[Peace-discuss] Training students for apathy

David Green davegreen84 at yahoo.com
Thu Sep 10 12:26:34 CDT 2009


Paranoid or otherwise, I would add that the whole structural change to academia since the 1960s--reliance on grants, low-paid teaching assistants and adjuncts, cutbacks on tenured faculty in the liberal arts--is part of this process--neoliberalization, if you will. 

DG




________________________________
From: Brussel Morton K. <mkbrussel at comcast.net>
To: C.G.Estabrook <galliher at illinois.edu>
Cc: peace-discuss <peace-discuss at anti-war.net>
Sent: Thursday, September 10, 2009 11:19:49 AM
Subject: Re: [Peace-discuss] Training students for apathy

A pretty weak set of propositions/assertions.  Some highly questionable ones are outlined in red.
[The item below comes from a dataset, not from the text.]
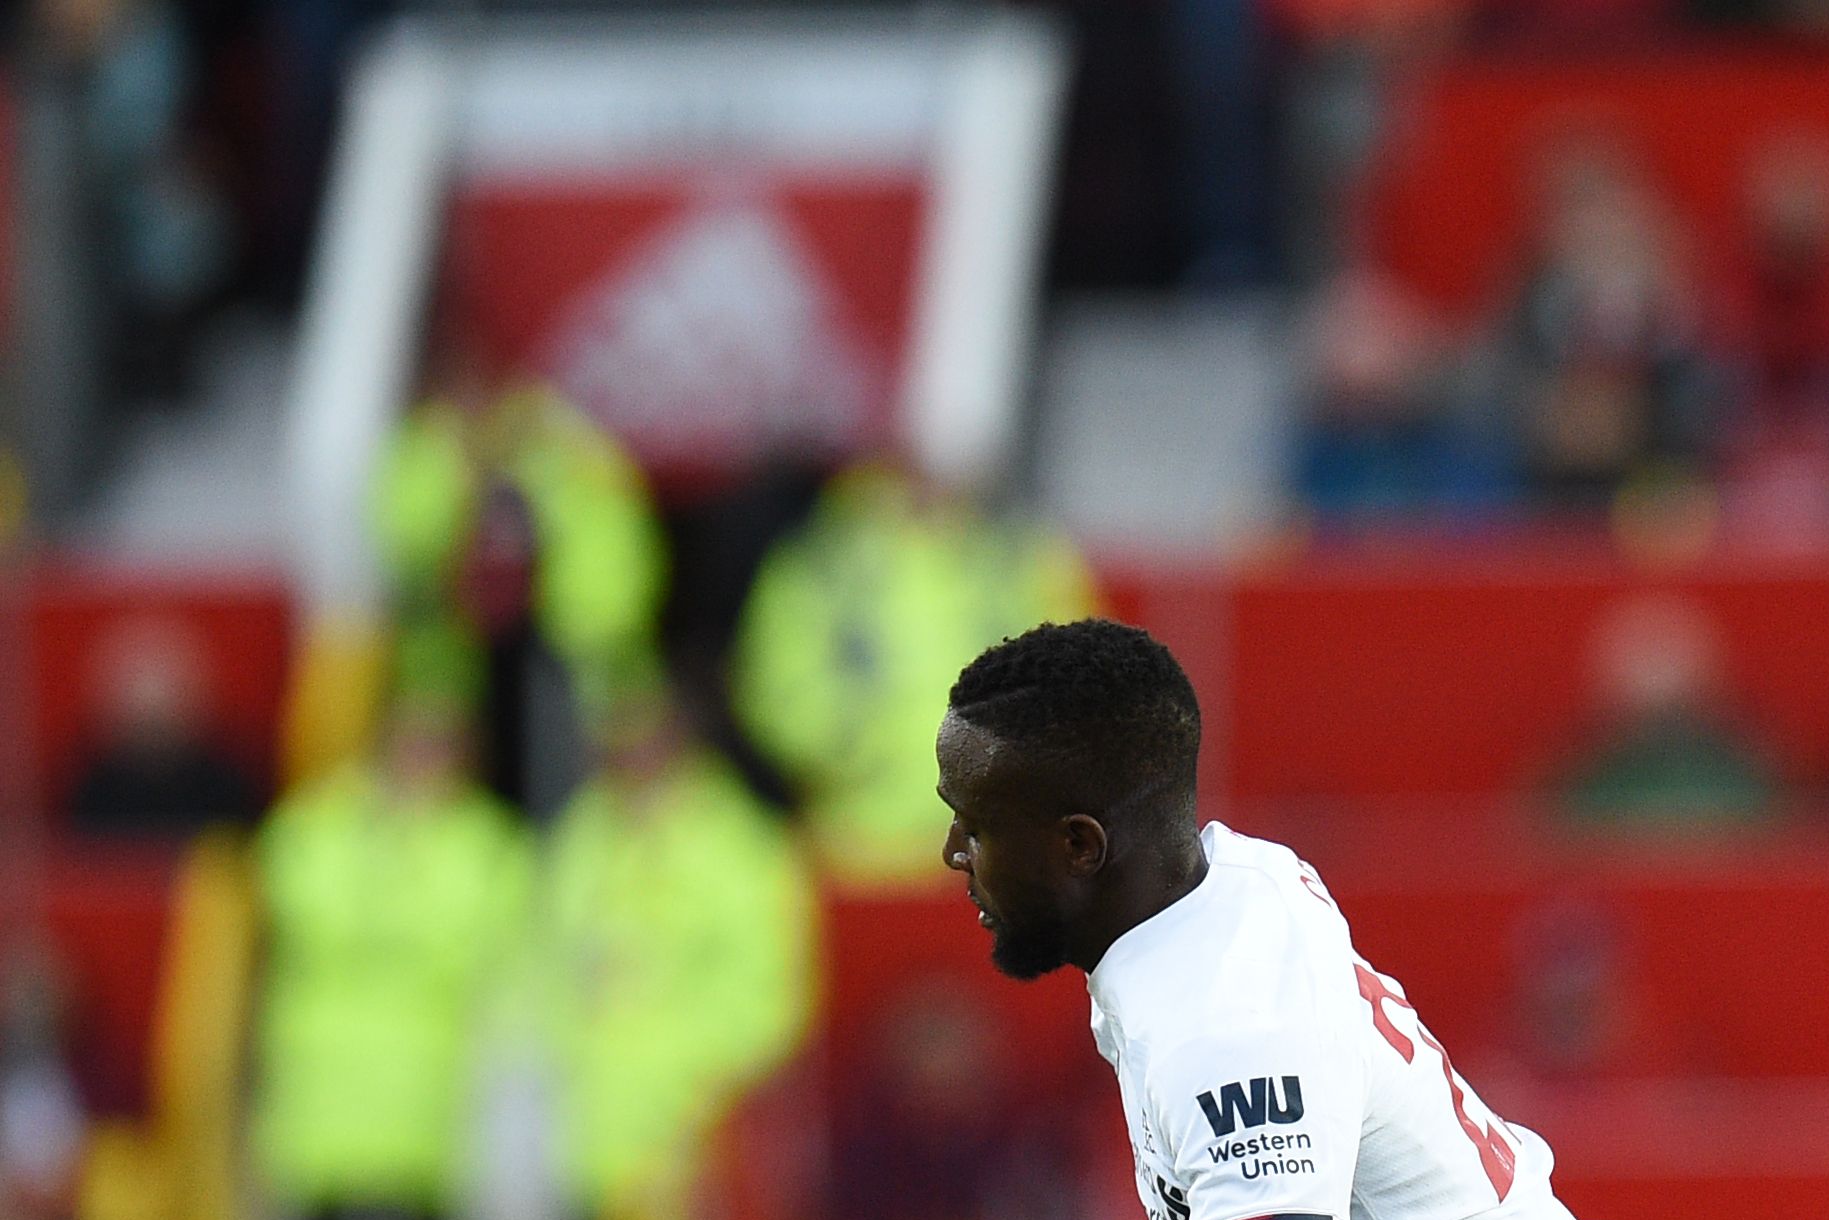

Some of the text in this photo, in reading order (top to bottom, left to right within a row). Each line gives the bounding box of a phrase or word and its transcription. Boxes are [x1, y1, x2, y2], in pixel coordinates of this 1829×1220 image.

[1196, 1076, 1304, 1137] WU
[1208, 1133, 1311, 1164] Western
[1242, 1154, 1315, 1180] Union
The last two outlined seem to border on paranoia.  
--mkb


On Sep 10, 2009, at 3:39 AM, C. G. Estabrook wrote:

[What happened to the sixties student, from a student newspaper's talk with Noam Chomsky, September 8, 2009.  I think this is right about the universities of the 1960s and forty years later -- and rarely said.  --CGE]
>
>
>When people talk about “the ‘60s,” what they are thinking of is about two years: 1968-1969, roughly -- a little bit before, a little bit later.And it’s true that student activism today is not like those two years.But, on the whole, I think it’s grown since the 1960s. So, take the feminist and the environmental movements -- they’re from the ‘70s; take the International Solidarity Movement -— that’s from the ‘80s; take the Global Justice Movement (which just had another huge meeting in Brazil) -- that’s from this century.
>
>Plenty of students are involved in these things. In fact, the total level of student involvement in various things is probably as huge as it’s ever been, except for maybe the very peak in the 1960s when the war was a huge issue. Or the Civil Rights Movement in the South that trained many students -— that was the early ‘60s. It’s not what I would like it to be, but it’s far more than it’s been.
>
>Ithink [the current talk about passivity among students is] an effort to induce passivity. The standard picture of the ‘60s that’s presented is that it was a terrible time. It was what’s called “the time of troubles” -- students were going crazy, everything was falling apart, and so on. That’s not what was happening.  It was a time when the country was starting to become more civilized -- thanks largely to the impetus of the activist students.
>
>Elite sectors and centers of power don’t like that lesson. They don’t want that lesson to be learned. They want students to be passive and apathetic. In fact, there was a pretty big backlash to the ‘60s. One of the reasons for the very sharp rise in tuition is to kind of capture students.  If you come out of college with a huge debt, you’re going to have to work it off -- you’re going to have to become a corporate lawyer or go into business or something. And you won’t have time for engaged activism.
>
>The students of the ‘60s were [in college] at that time when the society -- the culture -- was much more open. I mean that a student could take off a year or two and devote it to activism and think, "Okay, I’ll get back into my career later on."  That’s much harder today.  And not by accident.  These are disciplinary techniques.